Oegstgeest

De scheerkwast die ik gebruik (zou ik ook gewoon ‘mijn scheerkwast’ kunnen zeggen?), is zeker dertig jaar oud. De knop zit los. De haren worden ternauwernood bij elkaar gehouden. Bij mijn beste weten heb ik hem ooit van mijn goede neef Sander gekregen, met wie ik destijds behalve een familieband ook een hechte vriendschap had.

We ontlopen elkaar wat leeftijd betreft niet veel. Hij is van augustus 1972, ik van oktober in hetzelfde jaar. We logeerden vroeger vaak bij elkaar. Hij was gewend u te zeggen tegen zijn ouders, en waarschijnlijk nog. Aan tafel werd bij elke maaltijd gebeden en ’s avonds uit de Bijbel gelezen. Hij woonde in Oegstgeest, eerst in een huis met een tuin die onderbroken werd door een gemeenschappelijke achterom, later op een perceel dat grensde aan een slootje. Van daar konden we met een boot met buitenboordmotor naar het Oegstgeesterkanaal en verder als we wilden.

We zijn samen voor het eerst zonder ouders op vakantie gegaan, twee weken kamperen in Frankrijk. We reisden zwaarbepakt per trein naar onze bestemming. Ik weet niet meer precies waar dat was. Het was er in ieder geval warm zat.

Ik had al een vriendinnetje, wat toen vermoedelijk verkering heette, en dacht er helemaal niet aan haar een keer te bellen. Ik begreep na thuiskomst eerst niet waarom ze zo aangebrand was. Voor haar bleek het in die weken vooral wachten te zijn geweest. Voor mijn neef en mij vloog de tijd. Daar zal de aanwezigheid van jonge Françaises, die godbetert toen gewoon van onze leeftijd waren, zeker aan hebben bijgedragen.

Het was niet eens altijd mooi weer bij die camping aan het meer. Het begon ’s nachts een keer te stortregenen en te stormen, heel plotseling. Sander aarzelde niet. Hij kroop de tent uit om die met extra haringen en scheerlijnen te verstevigen. Met de gedachte dat twee in dit geval niet meer konden doen dan één, bleef ik achter. Dikke druppels torpedeerden het doek. Ik begreep dat mijn neef zijn eigen gewicht in de strijd moest werpen om te voorkomen dat de buitentent het luchtruim koos. Om toch iets bij te dragen, riep ik na een tijdje maar: ‘Hoe is het?’ Zijn onderkoelde antwoord luidde: ‘Een beetje vochtig.’ Zo naverteld zul je niet kunnen vermoeden hoe hard ik daar om moest lachen. Mijn held van het moment.

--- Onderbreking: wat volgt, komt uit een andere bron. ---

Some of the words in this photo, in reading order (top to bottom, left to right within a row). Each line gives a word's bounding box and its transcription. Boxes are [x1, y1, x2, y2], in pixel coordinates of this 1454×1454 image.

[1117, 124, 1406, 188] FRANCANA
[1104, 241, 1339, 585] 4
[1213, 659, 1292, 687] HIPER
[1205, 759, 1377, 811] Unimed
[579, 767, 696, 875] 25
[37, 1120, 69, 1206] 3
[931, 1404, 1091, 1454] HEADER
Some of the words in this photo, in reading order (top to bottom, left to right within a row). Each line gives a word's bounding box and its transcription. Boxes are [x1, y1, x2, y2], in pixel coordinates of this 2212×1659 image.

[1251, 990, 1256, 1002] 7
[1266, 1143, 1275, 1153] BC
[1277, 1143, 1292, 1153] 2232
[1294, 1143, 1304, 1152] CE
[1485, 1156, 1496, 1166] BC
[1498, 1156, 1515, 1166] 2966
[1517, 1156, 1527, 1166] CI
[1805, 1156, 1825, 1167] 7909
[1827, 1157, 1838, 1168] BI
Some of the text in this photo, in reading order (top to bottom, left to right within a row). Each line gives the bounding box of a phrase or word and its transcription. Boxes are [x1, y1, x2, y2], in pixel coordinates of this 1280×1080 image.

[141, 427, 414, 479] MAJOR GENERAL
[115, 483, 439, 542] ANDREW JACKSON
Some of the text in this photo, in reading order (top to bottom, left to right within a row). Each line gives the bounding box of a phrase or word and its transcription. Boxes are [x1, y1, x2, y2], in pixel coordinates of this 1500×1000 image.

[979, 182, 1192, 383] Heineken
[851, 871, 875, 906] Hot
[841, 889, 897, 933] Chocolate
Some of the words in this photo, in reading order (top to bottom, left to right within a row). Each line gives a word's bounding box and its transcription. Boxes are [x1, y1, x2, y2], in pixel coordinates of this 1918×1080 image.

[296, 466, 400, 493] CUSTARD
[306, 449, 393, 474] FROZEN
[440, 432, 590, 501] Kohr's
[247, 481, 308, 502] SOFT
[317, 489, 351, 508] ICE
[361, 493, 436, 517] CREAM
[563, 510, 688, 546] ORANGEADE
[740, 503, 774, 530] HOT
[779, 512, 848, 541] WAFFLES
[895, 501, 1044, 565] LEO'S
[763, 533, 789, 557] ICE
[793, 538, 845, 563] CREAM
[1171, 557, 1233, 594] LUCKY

We zijn elkaar uit het oog verloren, hebben lang geleden een keer afgesproken in Utrecht. Daar is het bij gebleven. Hij woont nu met zijn gezin, waarbij ik er niet van op zal kijken als de kinderen u tegen hun vader zeggen, in Roden, ruim twee uur rijden van hier. En ik heb geen auto. Maar ik betwijfel of het veel had uitgemaakt als het een naburige plaats was geweest.

Het is prima om iets ouder te worden en te merken dat waardevolle dingen waar inmiddels ruimschoots afscheid van is genomen, hun waarde allerminst verliezen. Bovendien heb ik de scheerkwast nog, die ietwat gehavend op het plankje bij de wasbak staat.